Es war ein langer Arbeitstag. Tracys Abwesenheit machte ihn etwas langweilig, aber ich kam zurecht. Jimmy und Carl blieben bei mir. Endlich war es vorbei, und es war Zeit, das Restaurant zu schließen.

„Tschüss V, wir sehen uns morgen. Willst du wirklich nicht, dass ich dich nach Hause fahre?“, fragte Carl.

„Nein, alles gut, Carl.“ Ich lächelte und winkte ihm zu.

„Okay, dann bis morgen“, sagte er.

„Ja, bis dann.“ Ich schloss die Haustür und schaltete das Licht aus.

Ich ging zur Hintertür und machte mich auf den Weg zu meiner Wohnung. Die Atmosphäre war unheimlich. Es war stockdunkel und eine ohrenbetäubende Stille herrschte. Ich fröstelte und beschleunigte meine Schritte, bis Ein Auto hielt neben mir. Ich hätte am liebsten geweint, aber ich riss mich zusammen und ging schneller.

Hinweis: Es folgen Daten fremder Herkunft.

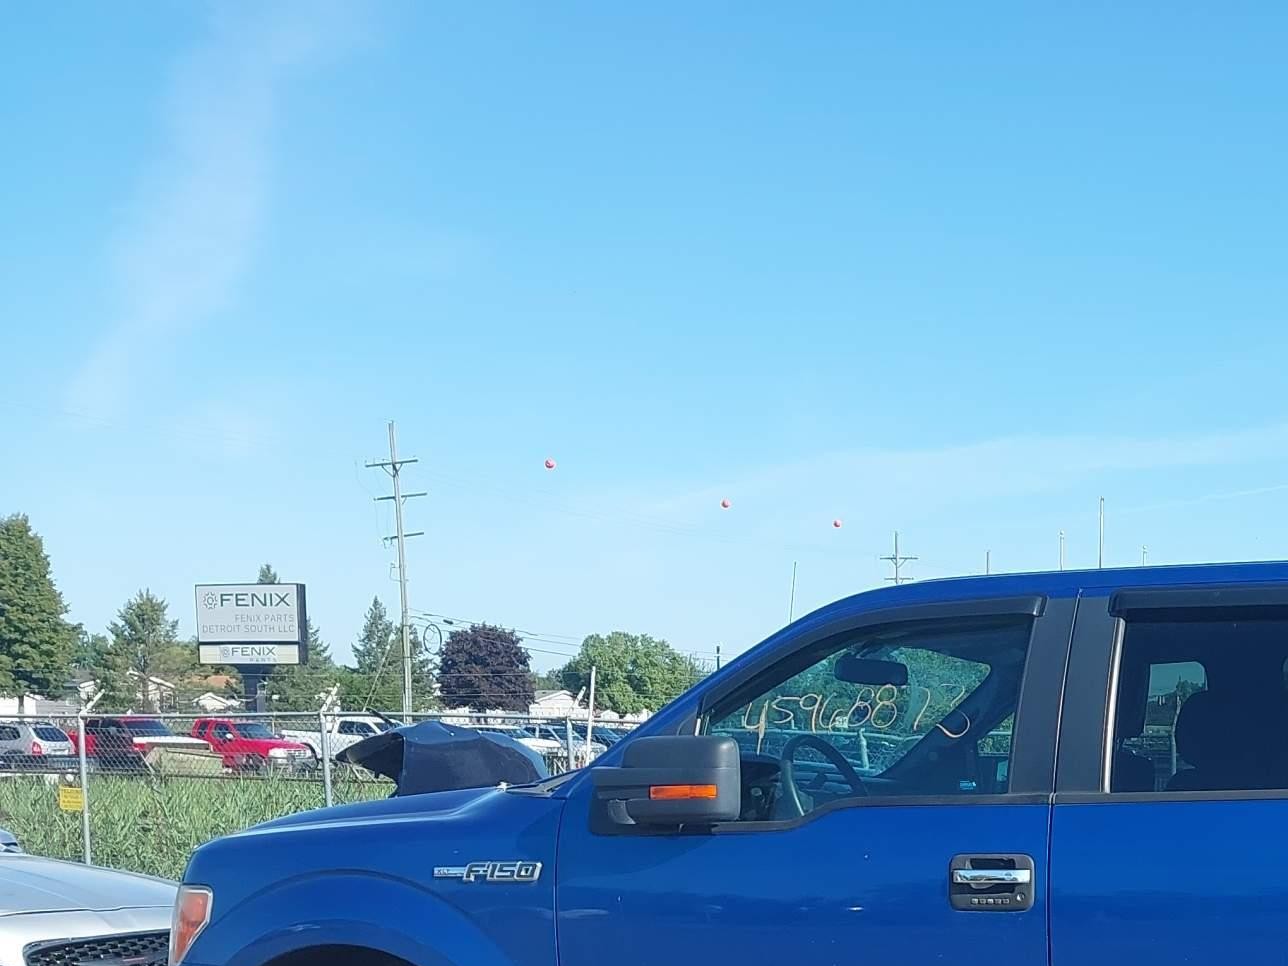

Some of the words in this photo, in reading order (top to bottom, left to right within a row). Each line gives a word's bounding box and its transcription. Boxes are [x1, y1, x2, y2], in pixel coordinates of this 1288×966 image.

„Gehst du irgendwohin, Prinzessin?“ Ich drehte mich um und sah einen der fünf Männer, die vor zwei Tagen im Restaurant gewesen waren.

„Was willst du?“, fragte ich ihn finster.

„Ich wollte mich entschuldigen.“ Ich sah ihn verwirrt an, bis mir plötzlich jemand Mund und Nase zuhielt und ich mich wehrte. Ich verlor das Bewusstsein und versuchte, den Mann hinter mir zu schlagen, aber das Chloroform machte mich schwindelig, bis ich schließlich ganz bewusstlos wurde.